Certainly, he could have kept going, piling the negative effects on them and overwhelming their regeneration. But that wasn’t the point. He just needed to know if it would work, and how well. So, after only a couple of minutes, he cut it off. The tiny gnats he’d conjured dissipated, and when the proverbial dust settled, most of the trolls were still alive.

None of the Blood Priests had succumbed.

So, Elijah once again assumed the Shape of the Scourge, donned the Guise of the Unseen, then headed out to pick off one of the footsoldiers steadily trudging toward the tunnel that would lead to the fortress.
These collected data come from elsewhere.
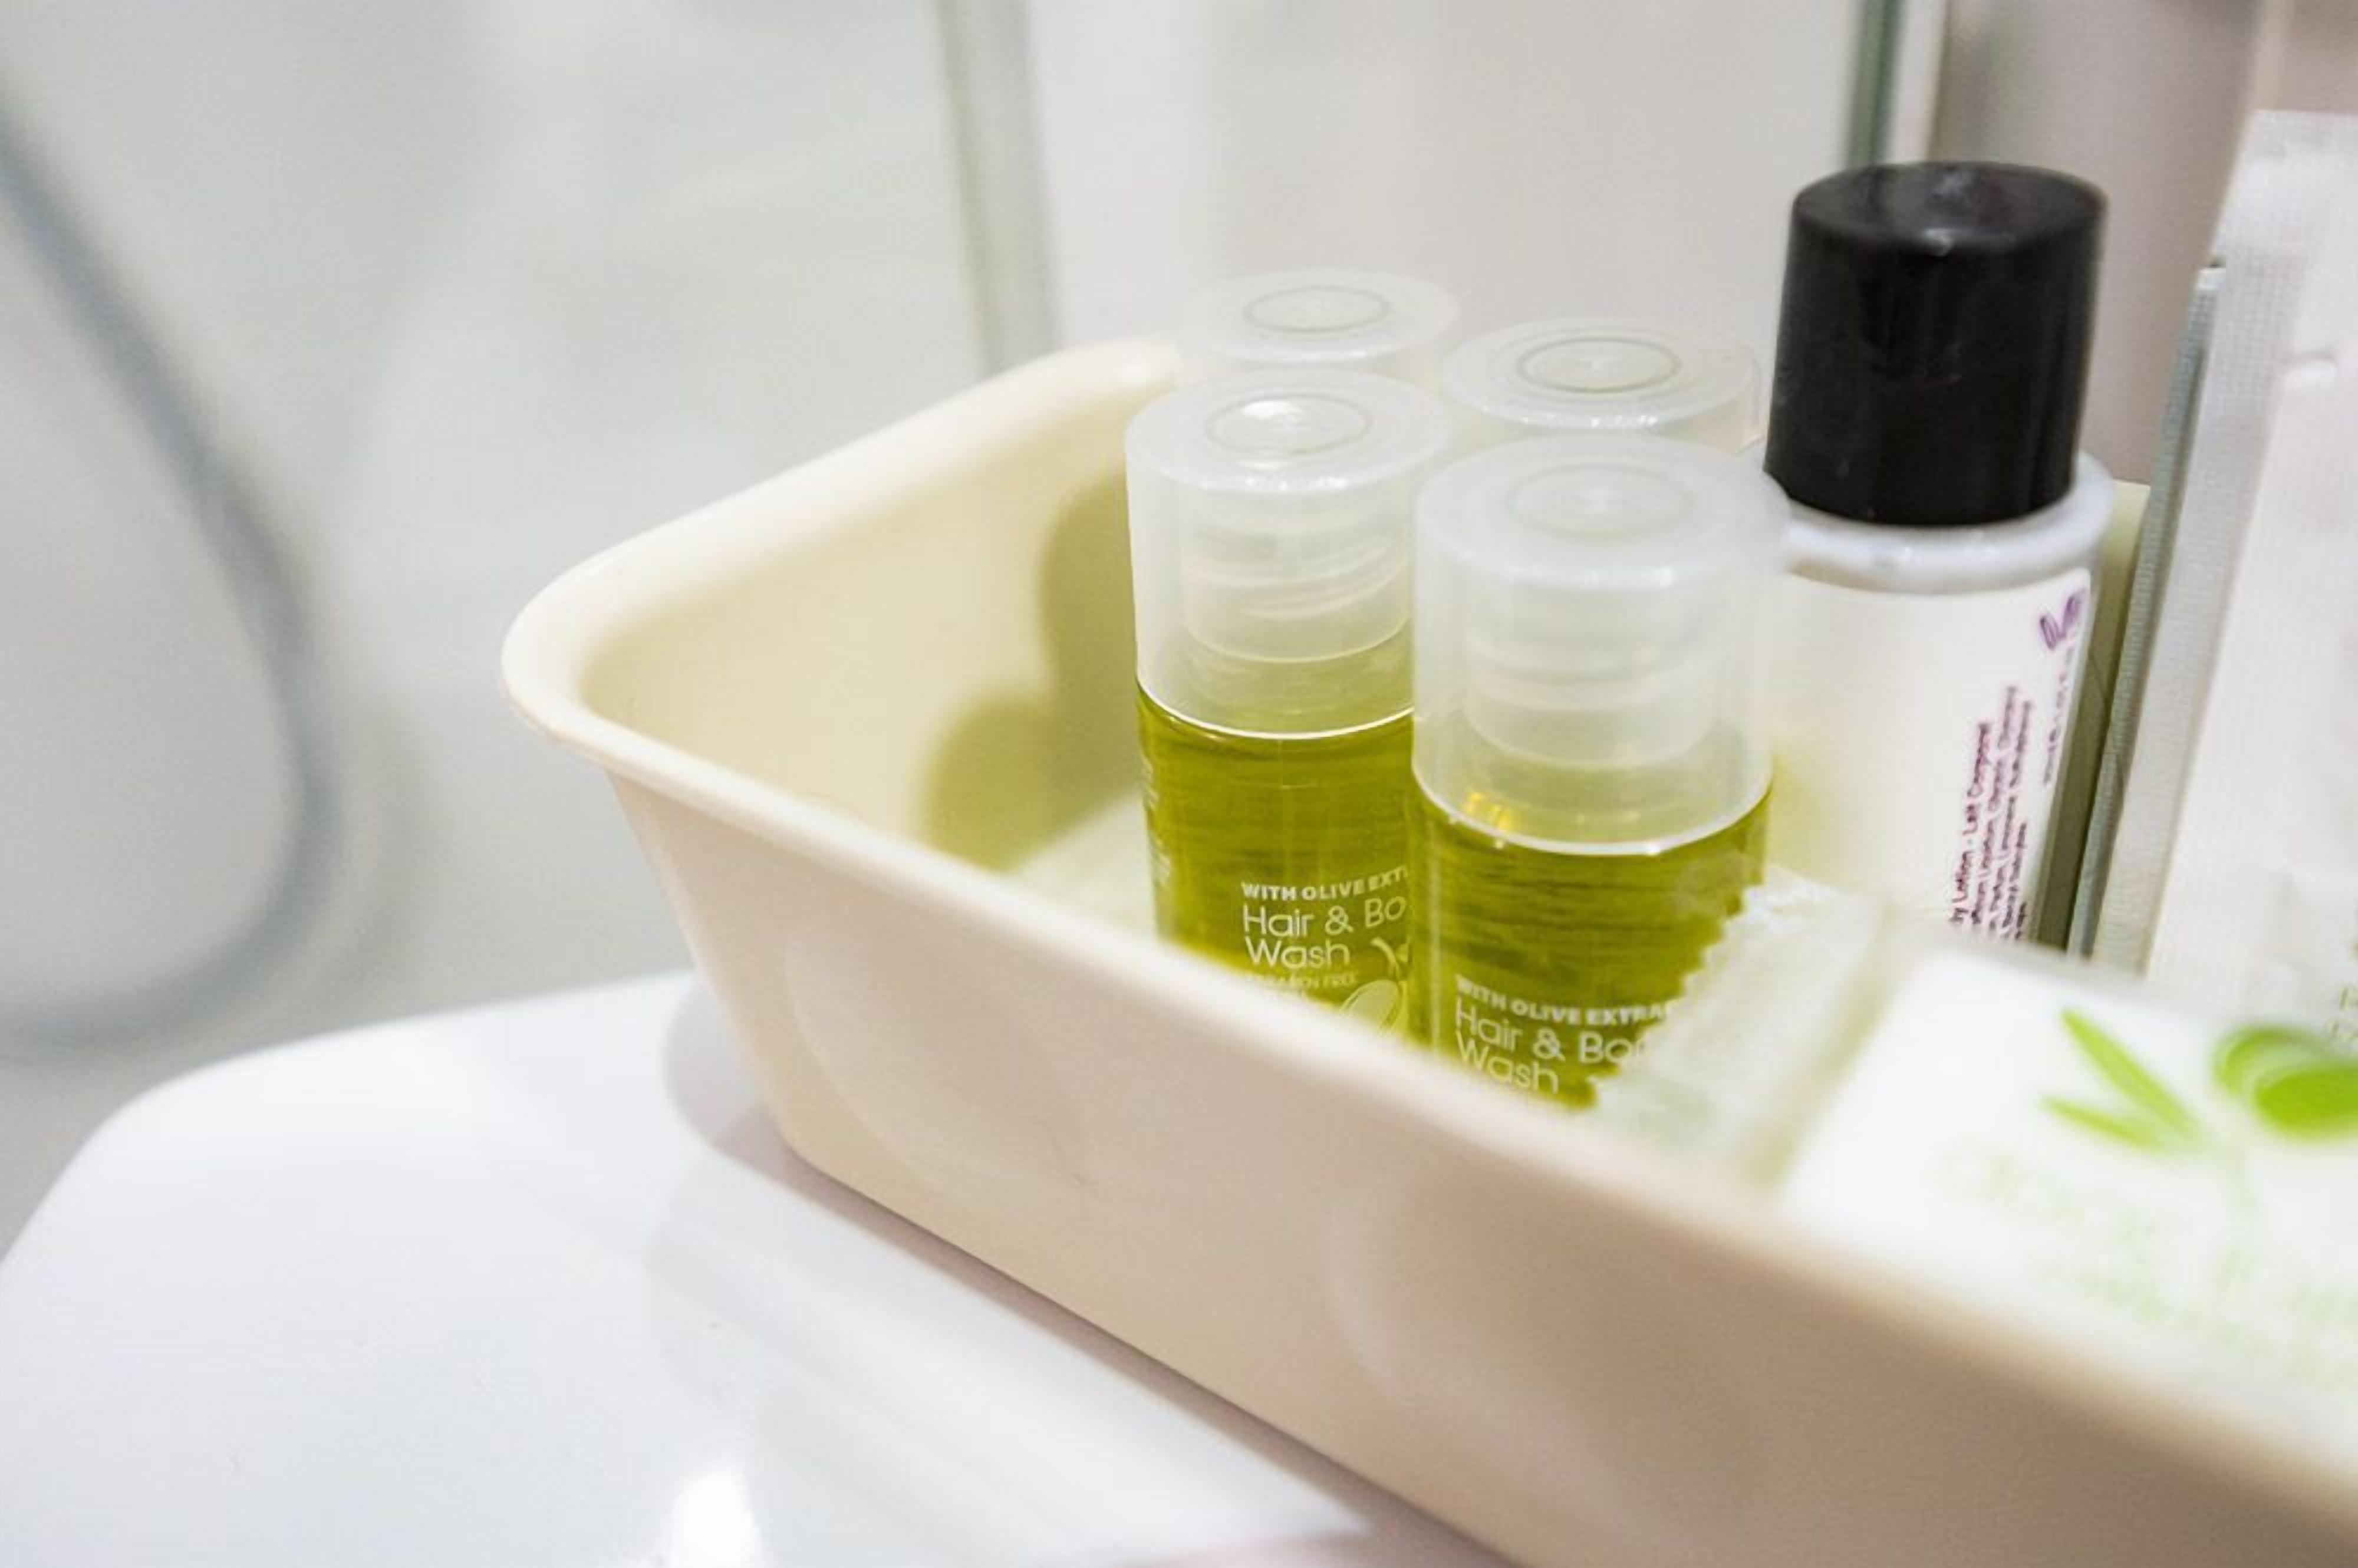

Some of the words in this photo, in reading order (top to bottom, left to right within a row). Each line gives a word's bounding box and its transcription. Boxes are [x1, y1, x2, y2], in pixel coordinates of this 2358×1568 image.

[1241, 881, 1296, 901] WITH
[1301, 878, 1365, 901] OLIVE
[1243, 903, 1315, 938] Hair
[1325, 905, 1355, 935] &
[1244, 935, 1351, 970] Wash
[1455, 974, 1506, 1011] WITH
[1510, 1000, 1581, 1025] OLIVE
[1455, 995, 1523, 1052] Hair
[1534, 1027, 1566, 1061] &
[1455, 1029, 1559, 1093] Wash
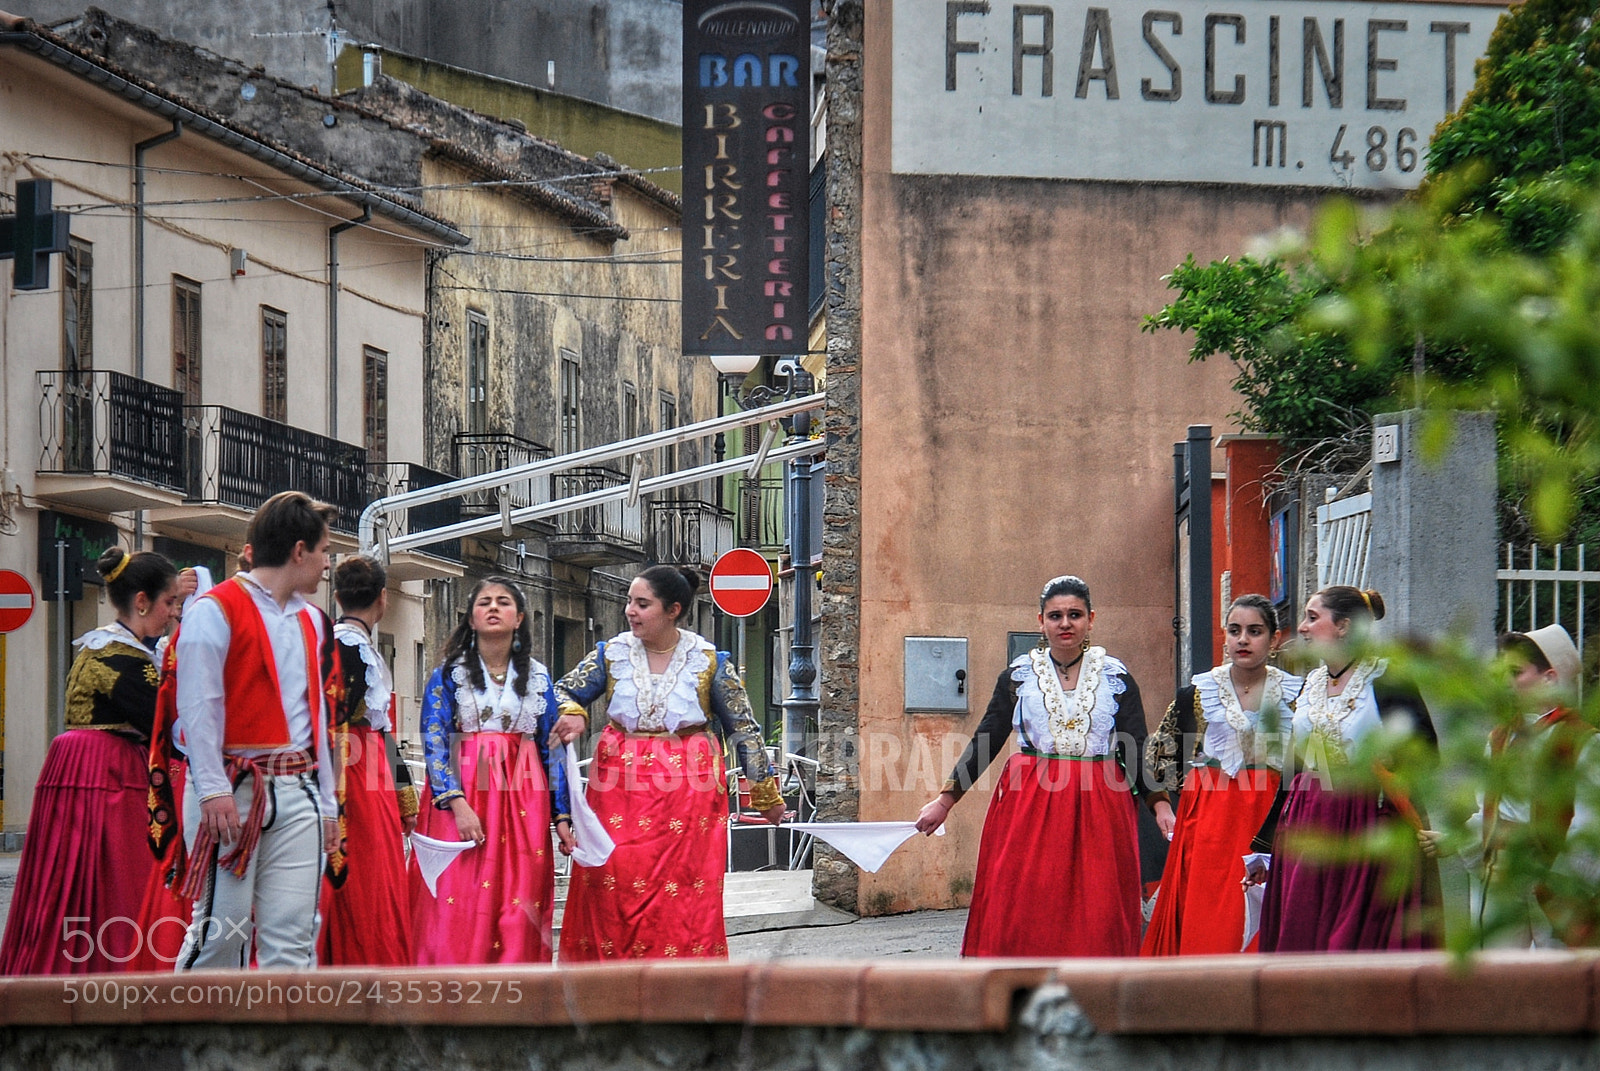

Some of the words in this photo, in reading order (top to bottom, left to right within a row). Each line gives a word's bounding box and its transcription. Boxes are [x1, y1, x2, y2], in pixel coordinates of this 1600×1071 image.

He found a lone soldier after only a couple of minutes, then treated it the same way he’d attacked the wild troll he’d killed weeks before. After removing its arms and legs, Elijah dragged it closer to the spawn point. Then, he infected it with Nature’s Claim, then Spreading Blight before tossing it into the middle of the settlement.

He made sure to hit one of the Blood Priests.

Then, he returned to Shape of the Scourge – and stealth – to watch the aftermath.

And it was better than he’d expected, but worse than he had hoped. A few of the trolls died, and everyone affected was obviously worse for wear. But they survived.

So, Elijah just shrugged and decided that there were only a couple other things to check out. But doing so would require him to wade into melee.

With a shrug of his shoulders, he stepped forward, ready to see just how durable the trolls really were. They could deal with afflictions, but could they cope with being ripped to pieces? Or burned to cinders? He was eager to find out.